Accordingly, across the industry executive boards are questioning whether they have the right leaders in place to tackle these monumental challenges and, where possible, grasp the opportunities that exist.
And the answer isn’t always yes. Indeed, the oil and gas industry – perhaps worst hit by recent developments – has seen CEO turnover increase significantly. In 2013, the median tenure for oil and gas CEOs was revealed as four and a half years, and only a small percentage of companies were led by CEOs who had served longer than 15 years.
“The transition from phase to phase in cycles of business often requires a change in leadership,” says Jim Thompson, energy-focused Partner at Odgers Berndtson’s Houston office. “Many energy companies are downsizing, consolidating and restructuring to survive the changing market, and to position themselves for the upturn when it occurs.
“A certain kind of leader is required to do that, and more often than not it may not be the same leader that steered the business through a successful period of growth.”
Who is the ‘right leader’?
To a large extent the question of the right leader is impossible to answer. The impact of the changing market is being felt differently across the energy spectrum. The requirements for an oil and gas leader – an industry that is firmly focused on managing the downturn – are very different to those of a small, innovative and rapidly growing cleantech business.
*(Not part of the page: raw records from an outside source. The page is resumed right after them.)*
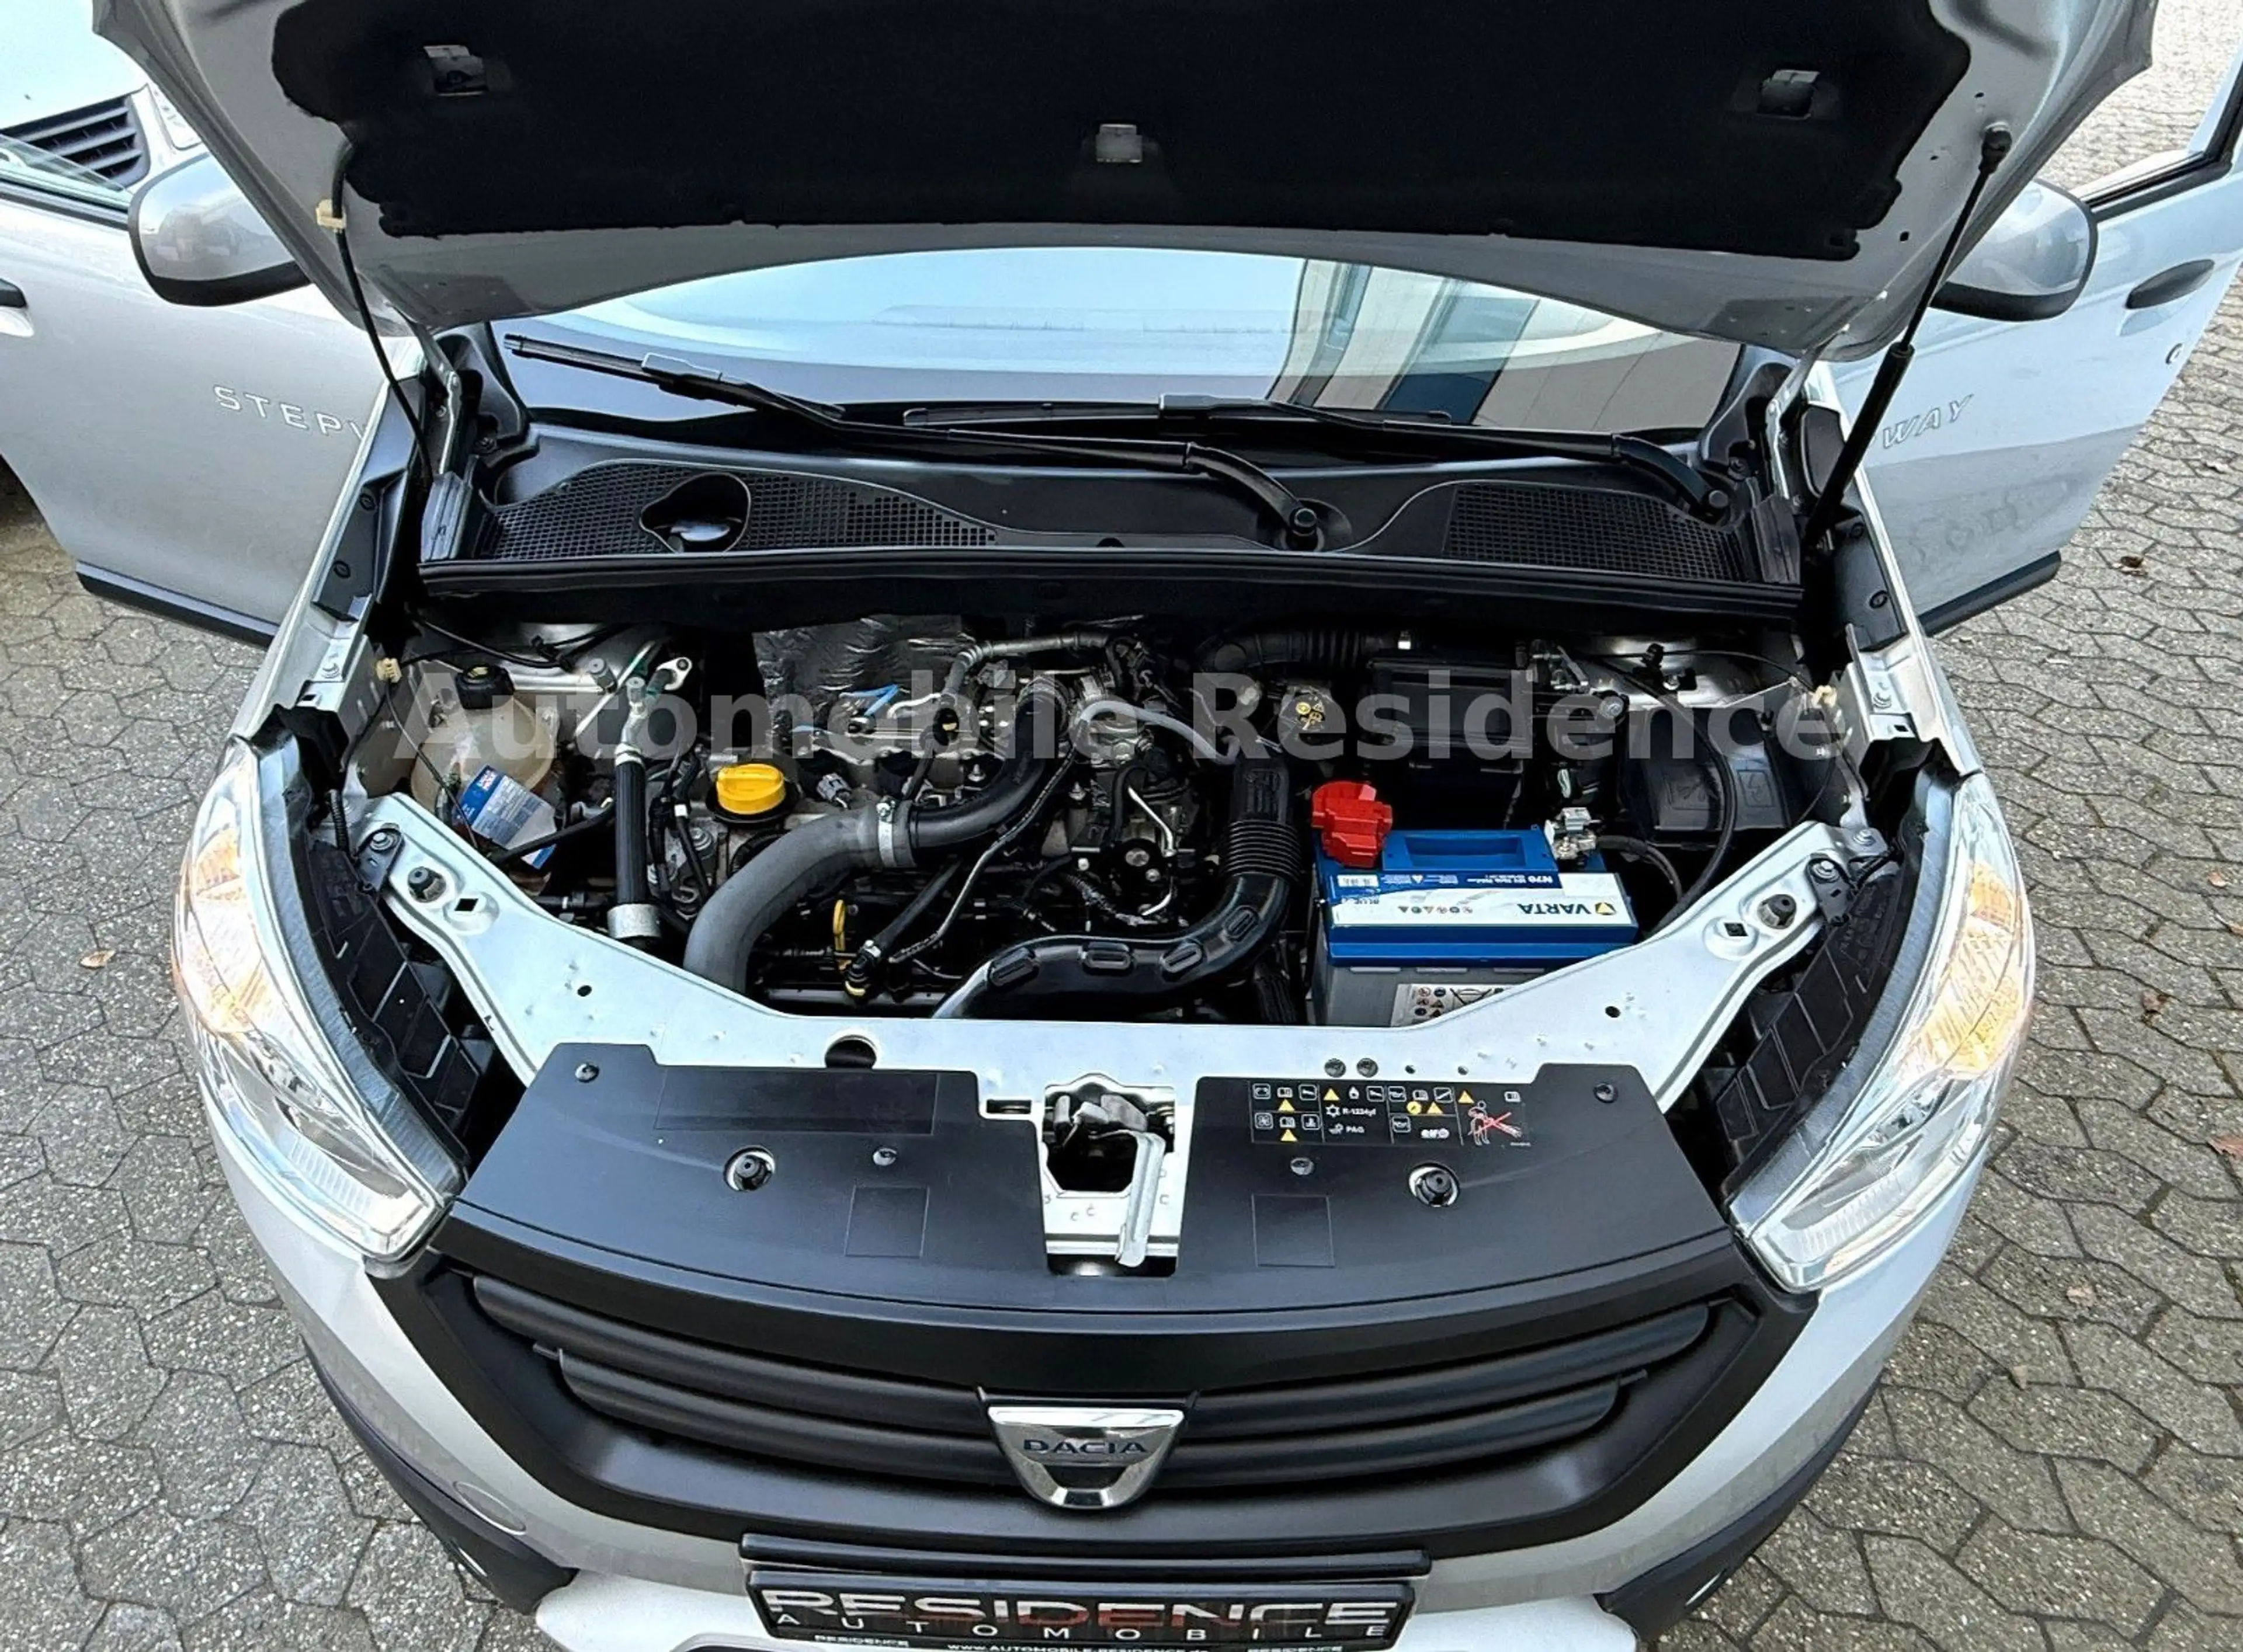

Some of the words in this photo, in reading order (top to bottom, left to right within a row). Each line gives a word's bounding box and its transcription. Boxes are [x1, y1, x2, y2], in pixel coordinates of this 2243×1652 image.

[1883, 394, 1974, 449] WAY
[1517, 903, 1592, 914] VARTA
[1023, 1439, 1146, 1454] DACIA
[761, 1590, 1397, 1626] RESIDENCE
[777, 1613, 1387, 1640] AUTOMOBILE
“One thing that is absolutely certain in the energy industry is that there will never be one leader that fits all,” says Thompson. “Every single sector, geographical area and company has different requirements and priorities depending upon what phase of business they are in.”
Challenges and opportunities
The oil and gas industry has until very recently been in the throes of a downturn. Projects have been impacted and delayed as companies worldwide have cut budgets and workforce – a study by Swift Worldwide Resources estimates that 233,000 jobs were lost last year – and downsized operations in the quest for short- to medium-term consolidation.
Restructuring has been the key word in oil and gas boardrooms, as companies identify and implement the necessary changes to survive. For leaders, a down-cycle is the toughest, most demanding and unpleasant cycle to manage as the execution of certain key capabilities becomes more critical and mistakes come with a higher price.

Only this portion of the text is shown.